[Entries taken from a collection]
++++++++
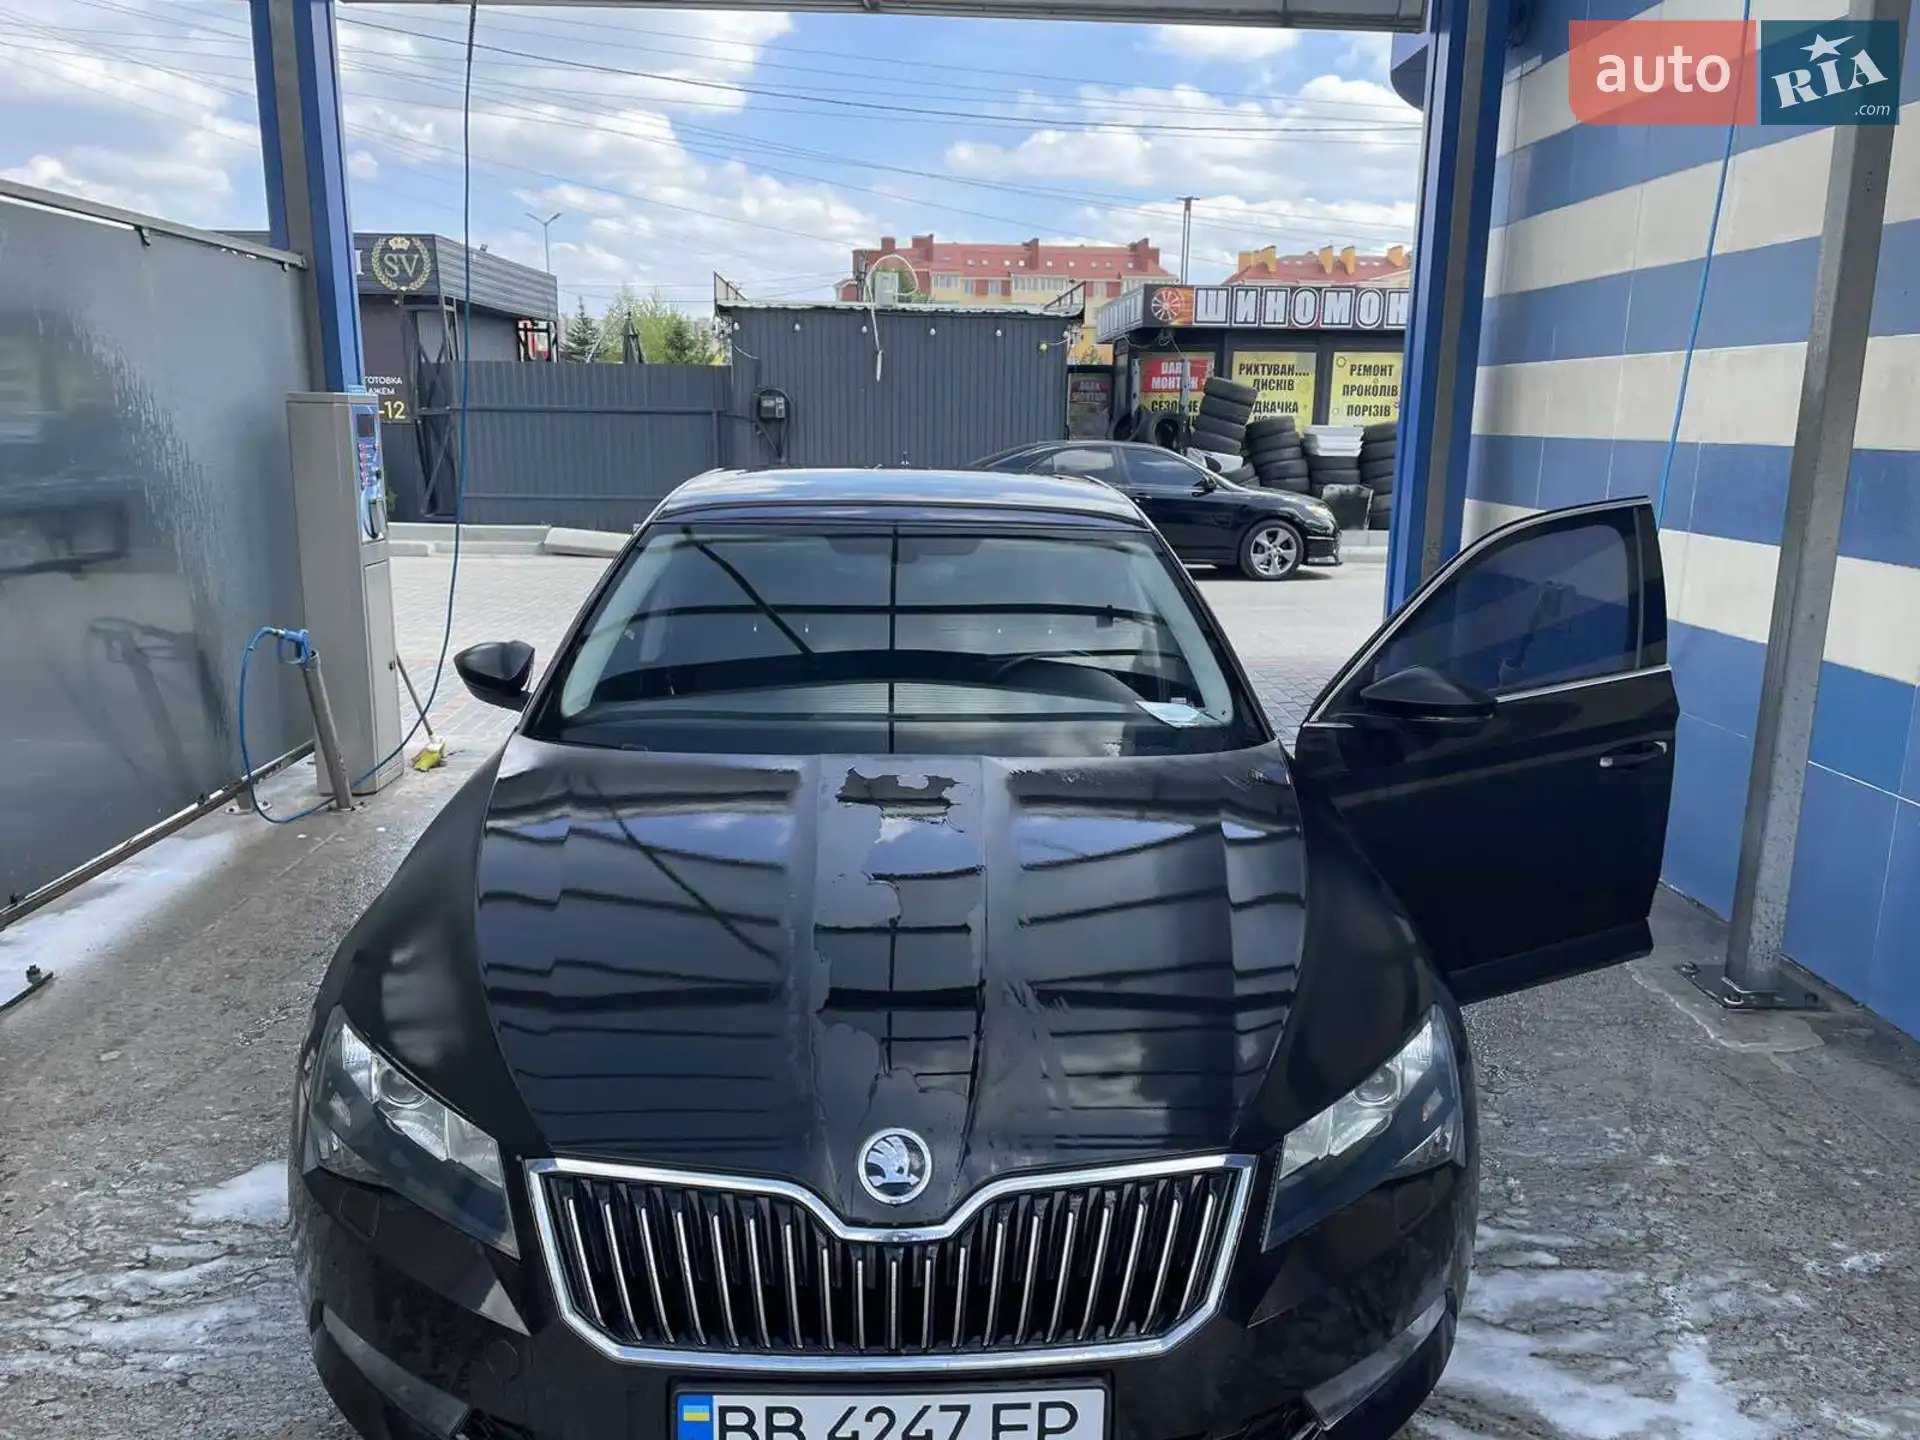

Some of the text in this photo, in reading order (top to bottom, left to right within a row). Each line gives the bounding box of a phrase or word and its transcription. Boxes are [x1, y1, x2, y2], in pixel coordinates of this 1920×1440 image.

[384, 253, 420, 278] SV
[1350, 364, 1394, 377] РЕМОНТ
[1151, 376, 1199, 389] МОНТЖ
[1252, 378, 1295, 391] ДИСКІВ
[1342, 384, 1398, 397] ПРОКОЛІВ
[1346, 404, 1391, 417] ПОРІЗІВ
[718, 1404, 806, 1440] BB
[826, 1403, 972, 1440] 4247
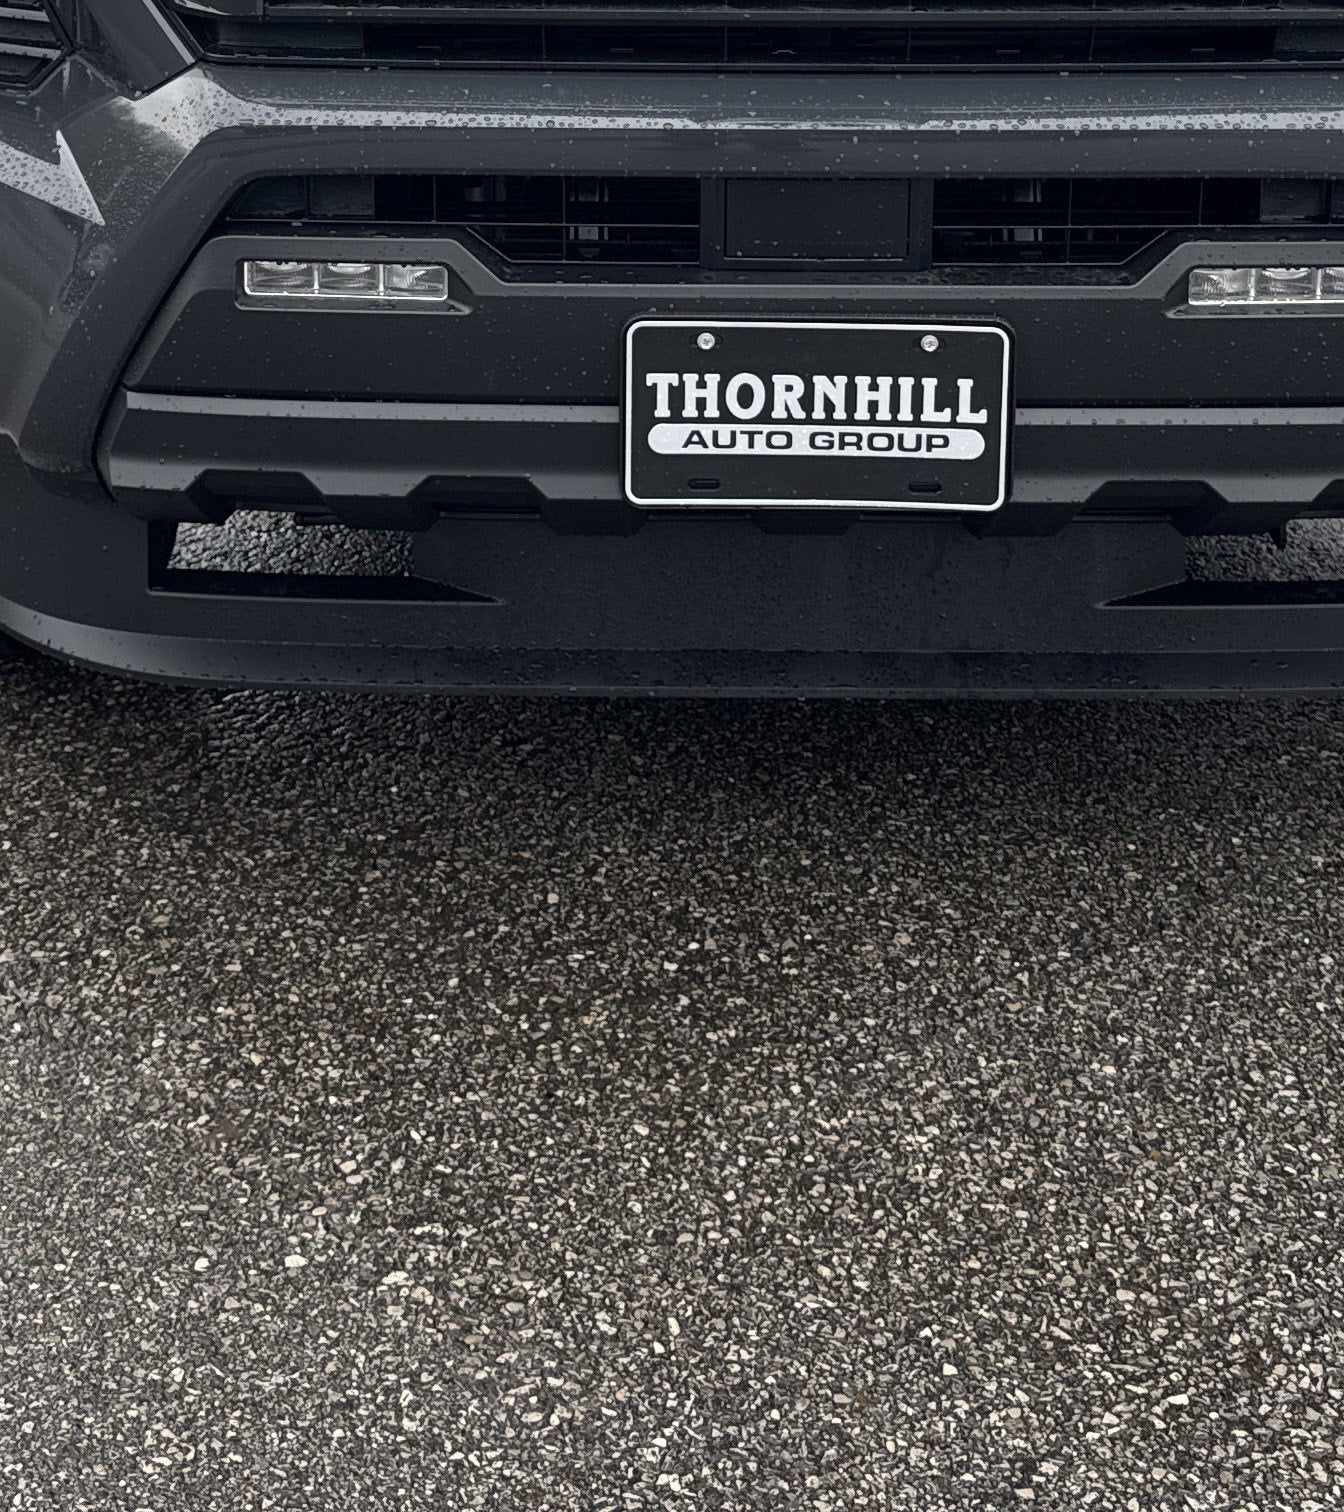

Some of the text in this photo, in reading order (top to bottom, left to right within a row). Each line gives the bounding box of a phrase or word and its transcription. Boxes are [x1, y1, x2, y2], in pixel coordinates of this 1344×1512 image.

[646, 372, 987, 424] THORNHILL
[682, 430, 950, 453] AUTO GROUP
++++++++
WORK TASK
The records above are to be repeated exactly, with the pictures left out.

YOUR RESPONSE
Some of the text in this photo, in reading order (top to bottom, left to right within a row). Each line gives the bounding box of a phrase or word and its transcription. Boxes are [x1, y1, x2, y2], in pixel coordinates of this 1920×1440 image.

[384, 253, 420, 278] SV
[1350, 364, 1394, 377] РЕМОНТ
[1151, 376, 1199, 389] МОНТЖ
[1252, 378, 1295, 391] ДИСКІВ
[1342, 384, 1398, 397] ПРОКОЛІВ
[1346, 404, 1391, 417] ПОРІЗІВ
[718, 1404, 806, 1440] BB
[826, 1403, 972, 1440] 4247

Some of the text in this photo, in reading order (top to bottom, left to right within a row). Each line gives the bounding box of a phrase or word and its transcription. Boxes are [x1, y1, x2, y2], in pixel coordinates of this 1344×1512 image.

[646, 372, 987, 424] THORNHILL
[682, 430, 950, 453] AUTO GROUP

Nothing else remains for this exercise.